- [What needs to be done]:
Repeat each entry as written, dropping any picture you find.

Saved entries
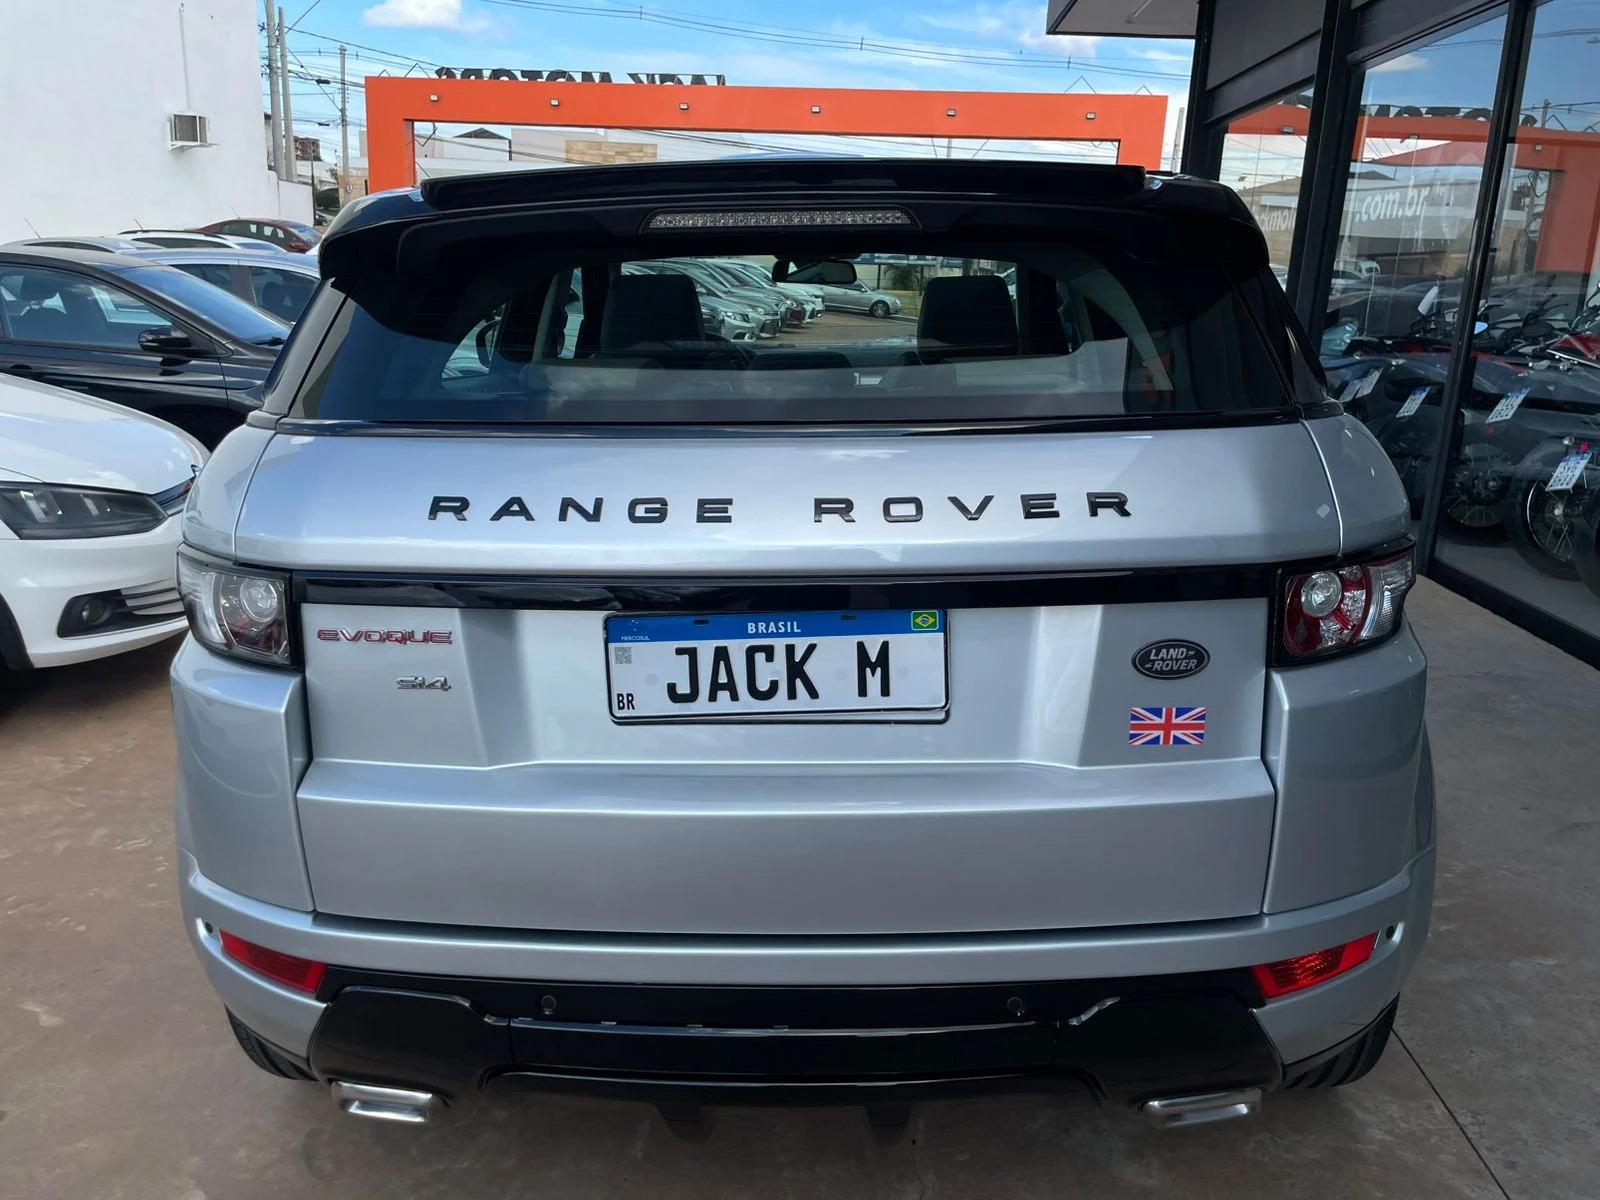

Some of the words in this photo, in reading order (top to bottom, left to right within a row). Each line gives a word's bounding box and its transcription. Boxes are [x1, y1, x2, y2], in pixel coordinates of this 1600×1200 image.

[428, 495, 733, 524] RANGE
[812, 491, 1134, 524] ROVER
[316, 627, 453, 646] EVOQUE
[747, 621, 802, 635] BRASIL
[666, 642, 820, 704] JACK
[856, 640, 891, 698] M
[616, 693, 635, 711] BR

- [Answer area]:
Some of the words in this photo, in reading order (top to bottom, left to right within a row). Each line gives a word's bounding box and its transcription. Boxes are [x1, y1, x2, y2], in pixel coordinates of this 1600×1200 image.

[428, 495, 733, 524] RANGE
[812, 491, 1134, 524] ROVER
[316, 627, 453, 646] EVOQUE
[747, 621, 802, 635] BRASIL
[666, 642, 820, 704] JACK
[856, 640, 891, 698] M
[616, 693, 635, 711] BR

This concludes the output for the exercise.